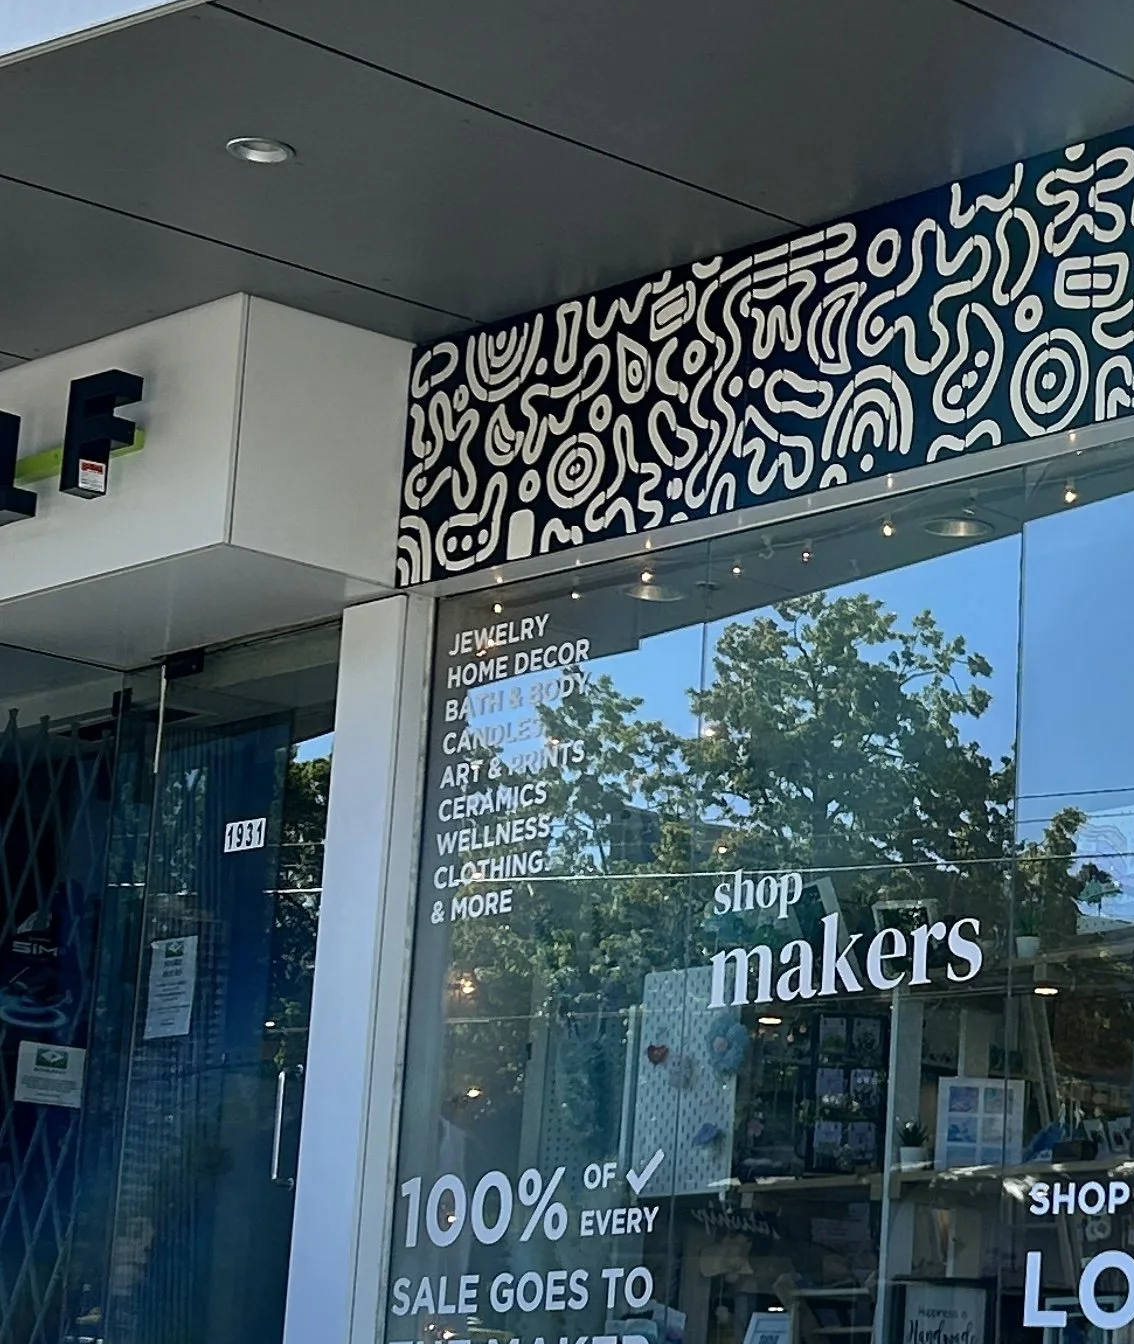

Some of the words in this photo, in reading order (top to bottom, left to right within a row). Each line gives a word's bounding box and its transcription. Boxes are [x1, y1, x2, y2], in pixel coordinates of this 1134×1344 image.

[449, 613, 550, 656] JEWELRY
[447, 656, 508, 689] HOME
[514, 638, 590, 675] DECOR
[445, 688, 504, 722] BATH
[530, 672, 592, 706] BODY
[443, 717, 546, 755] CANDLES
[440, 760, 483, 789] ART
[488, 756, 502, 779] &
[508, 740, 585, 776] PRINTS
[438, 781, 547, 822] CERAMICS
[227, 820, 263, 850] 1931
[436, 815, 551, 856] WELLNESS
[434, 850, 545, 889] CLOTHING
[431, 901, 444, 924] &
[451, 888, 513, 922] MORE
[713, 868, 803, 919] shop
[708, 913, 983, 1010] makers
[401, 1167, 568, 1248] 100%
[583, 1162, 617, 1191] OF
[1029, 1181, 1131, 1216] SHOP
[580, 1206, 659, 1237] EVERY
[391, 1273, 481, 1316] SALE
[490, 1269, 588, 1313] GOES
[602, 1266, 653, 1309] TO

● **Task directions**
In the answer, the data should reappear exactly, with no pictures.

● **The answer**
Some of the words in this photo, in reading order (top to bottom, left to right within a row). Each line gives a word's bounding box and its transcription. Boxes are [x1, y1, x2, y2], in pixel coordinates of this 1134×1344 image.

[449, 613, 550, 656] JEWELRY
[447, 656, 508, 689] HOME
[514, 638, 590, 675] DECOR
[445, 688, 504, 722] BATH
[530, 672, 592, 706] BODY
[443, 717, 546, 755] CANDLES
[440, 760, 483, 789] ART
[488, 756, 502, 779] &
[508, 740, 585, 776] PRINTS
[438, 781, 547, 822] CERAMICS
[227, 820, 263, 850] 1931
[436, 815, 551, 856] WELLNESS
[434, 850, 545, 889] CLOTHING
[431, 901, 444, 924] &
[451, 888, 513, 922] MORE
[713, 868, 803, 919] shop
[708, 913, 983, 1010] makers
[401, 1167, 568, 1248] 100%
[583, 1162, 617, 1191] OF
[1029, 1181, 1131, 1216] SHOP
[580, 1206, 659, 1237] EVERY
[391, 1273, 481, 1316] SALE
[490, 1269, 588, 1313] GOES
[602, 1266, 653, 1309] TO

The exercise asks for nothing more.